The Paycheck Program does not require the standard "Credit Elsewhere" test that traditional 7(a) loans require. This means the borrower does not have to prove that they are unable to receive credit from another institution in order to qualify for the Paycheck Program. The borrower must certify, in good faith, that their business requires the loans to continue operation during the pandemic, that the funds will be used for the stated purpose of payroll preservation and maintaining operation, and that the borrower does not have any other application pending under the Paycheck Program.

Streamlined Loan Diligence Procedures:

The SBA has announced that it will relax certain procedures in the loan origination diligence period to get money to borrowers faster. The SBA is currently working on new loan diligence forms for both the lender and the borrower. These forms will require less information in order for the loan to be originated and the lender to receive an SBA loan number. The SBA will continue to use their existing forms (form 1919 and 1920) for loan diligence for the time being, but will abbreviate the amount of information required through posted guidance.
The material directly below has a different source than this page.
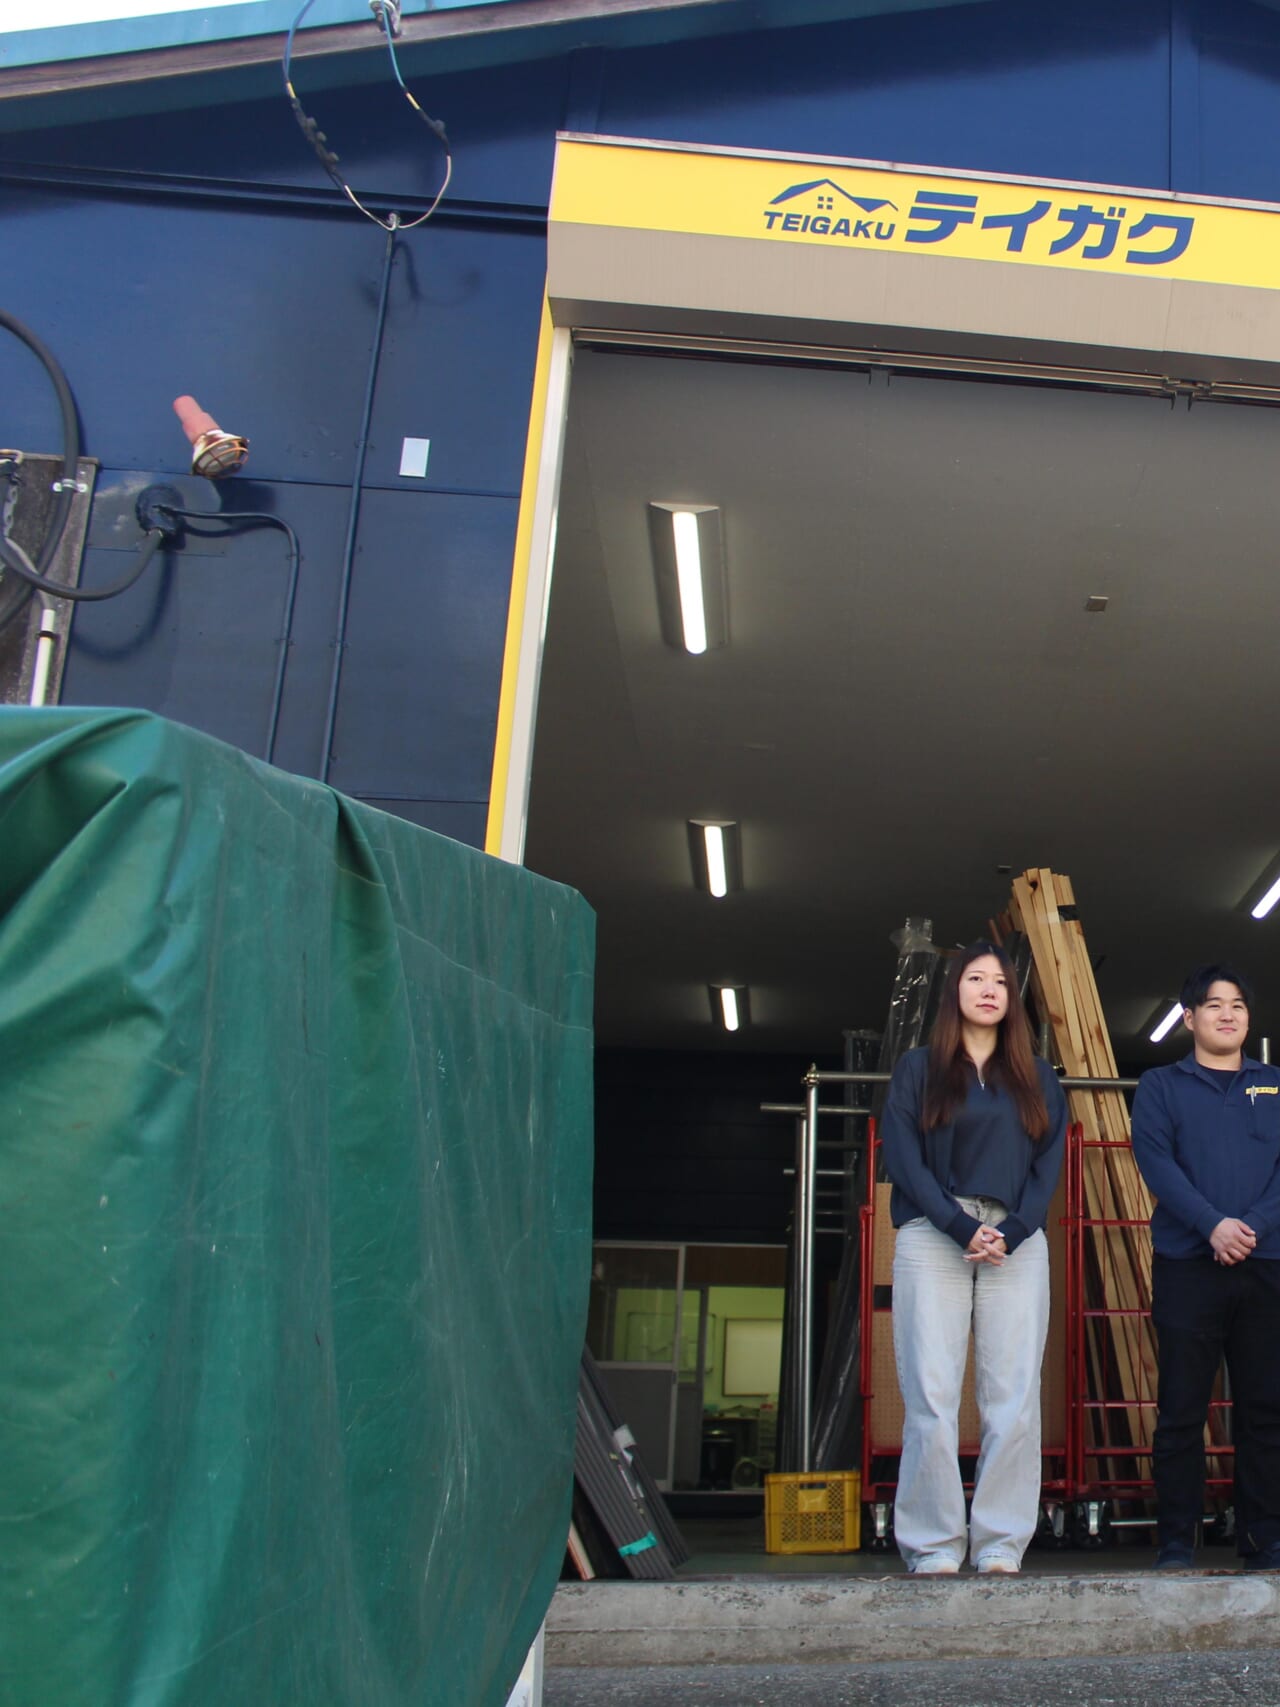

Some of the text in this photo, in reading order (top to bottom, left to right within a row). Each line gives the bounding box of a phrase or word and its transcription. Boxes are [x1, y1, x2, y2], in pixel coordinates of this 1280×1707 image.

[763, 189, 1196, 266] TEIGAKU テイガク
The applicant will need to complete the Paycheck Program loan application and submit the application with the required documentation to the lender. This application must be processed by the lender by June 30, 2020. The applicant must also provide payroll documentation to the lender to verify the application.

Subsidy and Deferment for Existing 7(a) Loans:

The SBA is currently expanding the deferment procedures for both existing 7(a) loans and new loans under the Paycheck Program. The SBA will pay the principal, interest and any fees on certain existing 7(a) loans for a six-month period starting on the next payment due date. Loans currently in deferment will include an additional six months of payment by the SBA beginning with the next payment.

All payments under the Paycheck Program are deferred for six (6) months. However, interest will accrue during this deferment period.